### Data shown:
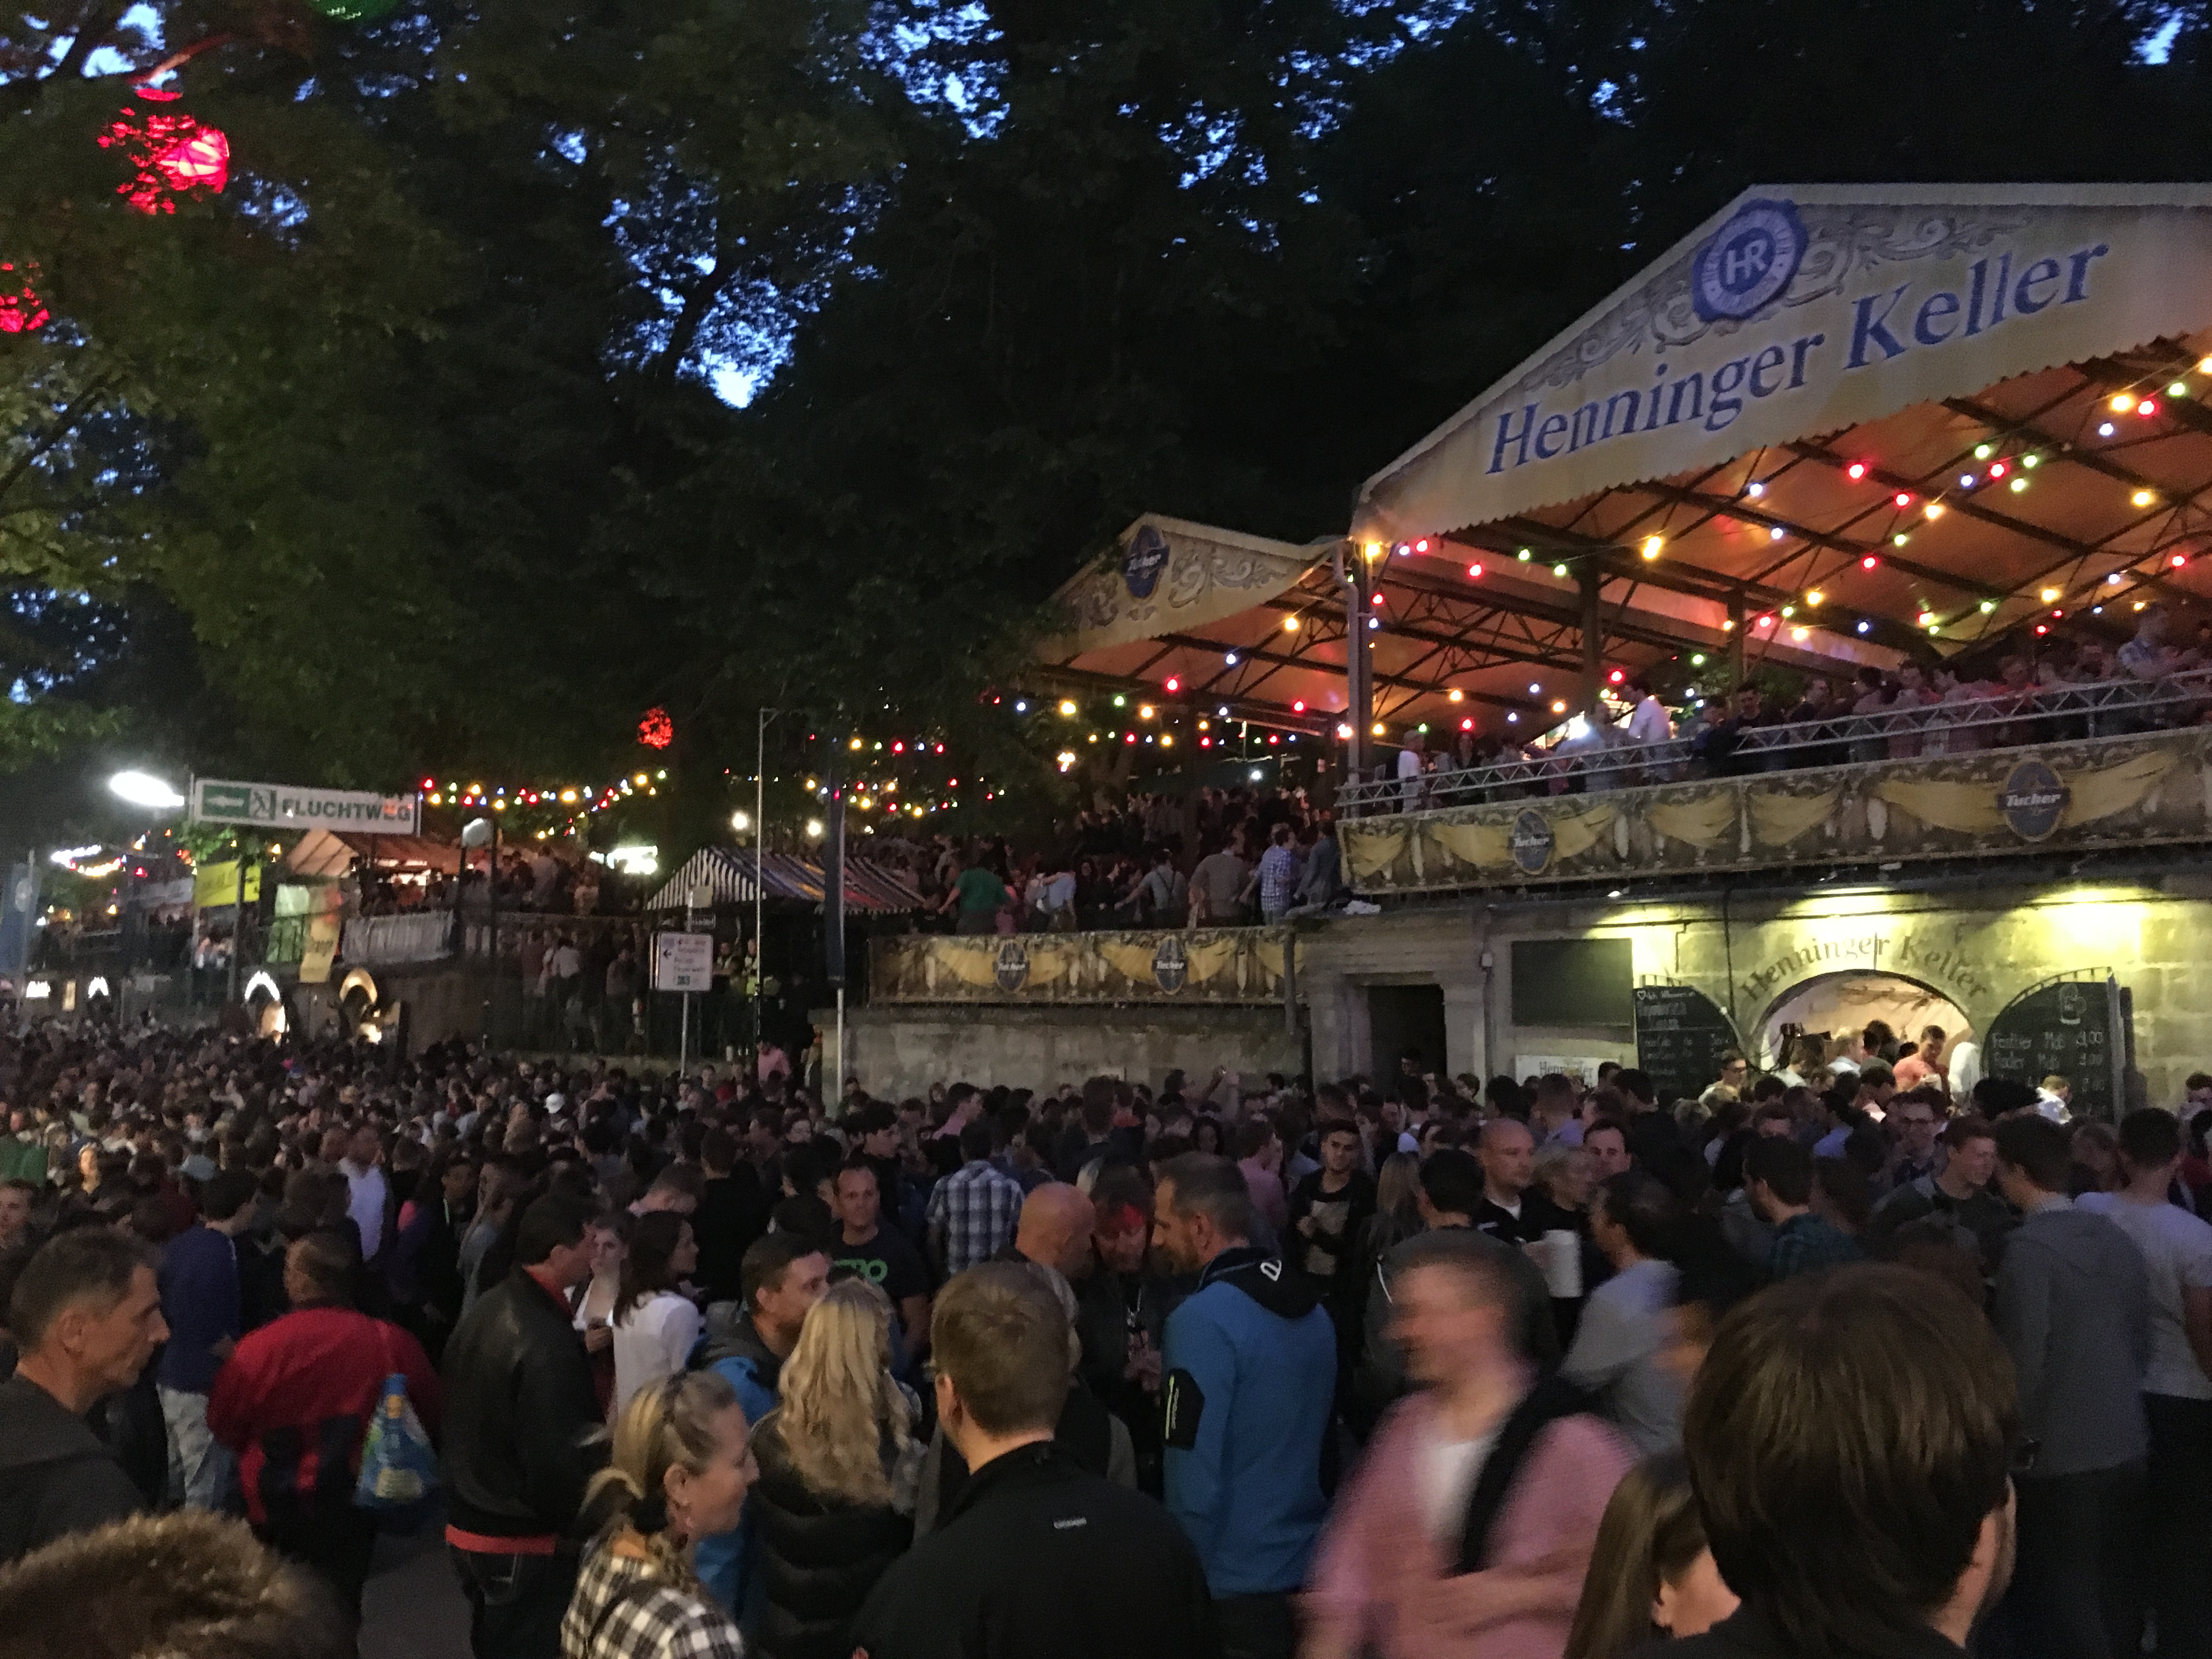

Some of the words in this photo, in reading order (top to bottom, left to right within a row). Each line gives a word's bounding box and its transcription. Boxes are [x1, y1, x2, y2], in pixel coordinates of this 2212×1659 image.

[1486, 332, 1826, 475] Henninger
[1843, 243, 2109, 370] Keller
[2006, 793, 2061, 807] Tucher
[1741, 936, 1890, 1001] Henninger
[1900, 935, 1987, 997] Keller

### Problem requirements:
Word-for-word output of the material above is needed, with the pictures left out.

### Output:
Some of the words in this photo, in reading order (top to bottom, left to right within a row). Each line gives a word's bounding box and its transcription. Boxes are [x1, y1, x2, y2], in pixel coordinates of this 2212×1659 image.

[1486, 332, 1826, 475] Henninger
[1843, 243, 2109, 370] Keller
[2006, 793, 2061, 807] Tucher
[1741, 936, 1890, 1001] Henninger
[1900, 935, 1987, 997] Keller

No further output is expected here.